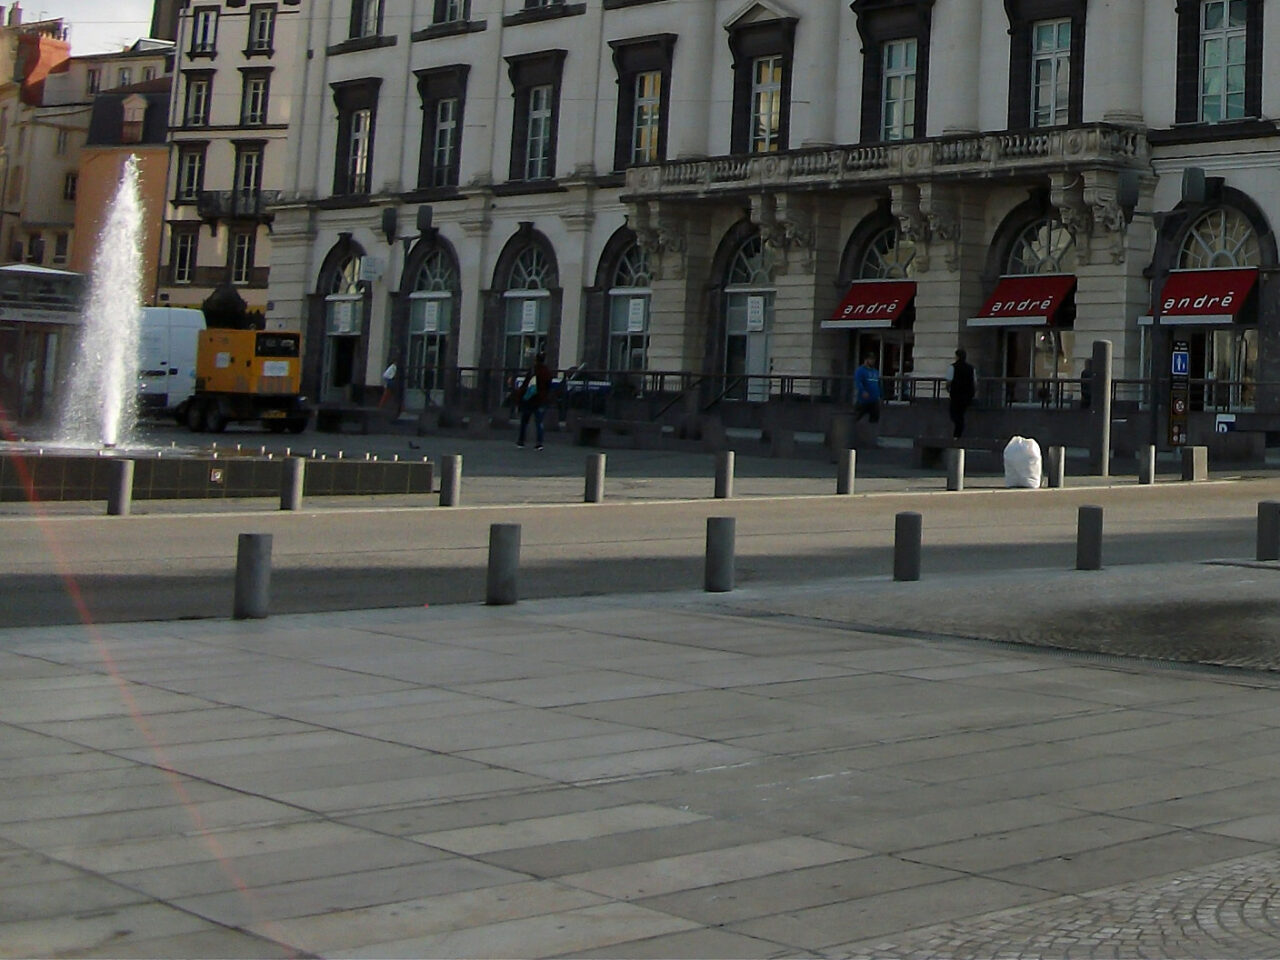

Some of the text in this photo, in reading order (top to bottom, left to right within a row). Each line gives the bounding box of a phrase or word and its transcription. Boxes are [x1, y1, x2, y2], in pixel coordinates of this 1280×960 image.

[841, 299, 899, 318] andré
[989, 295, 1054, 315] andré
[1162, 291, 1235, 313] andré
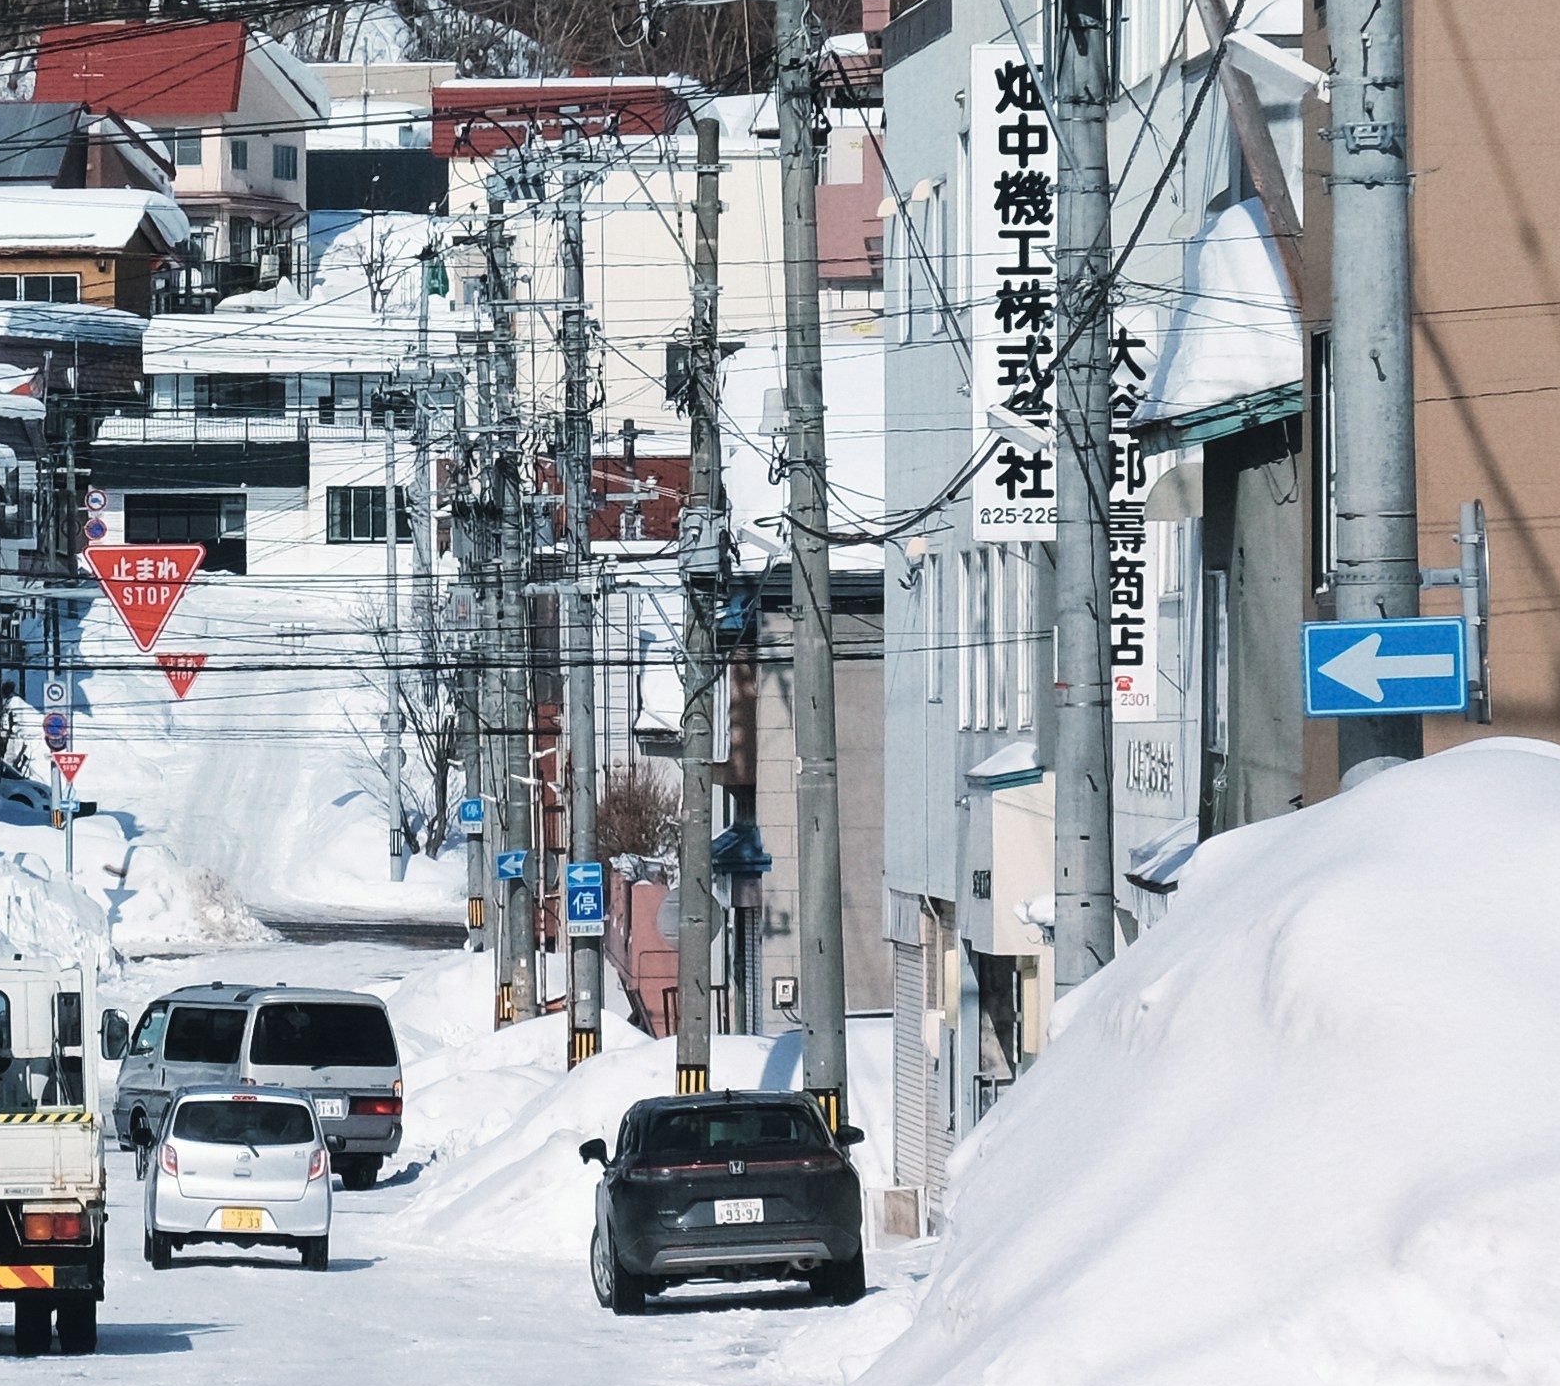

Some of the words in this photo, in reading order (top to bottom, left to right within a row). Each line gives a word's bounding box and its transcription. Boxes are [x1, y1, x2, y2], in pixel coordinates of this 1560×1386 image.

[110, 556, 180, 581] 止まれ
[122, 586, 170, 606] STOP
[572, 891, 598, 916] 停

## What you are asked to do:
A faithful copy is needed: reproduce all of the data above, leaving the pictures out.

## Written solution:
Some of the text in this photo, in reading order (top to bottom, left to right within a row). Each line gives the bounding box of a phrase or word and its transcription. Boxes are [x1, y1, x2, y2], in pixel coordinates of this 1280×960 image.

[841, 299, 899, 318] andré
[989, 295, 1054, 315] andré
[1162, 291, 1235, 313] andré

Some of the words in this photo, in reading order (top to bottom, left to right within a row). Each line gives a word's bounding box and its transcription. Boxes are [x1, y1, x2, y2], in pixel coordinates of this 1560×1386 image.

[110, 556, 180, 581] 止まれ
[122, 586, 170, 606] STOP
[572, 891, 598, 916] 停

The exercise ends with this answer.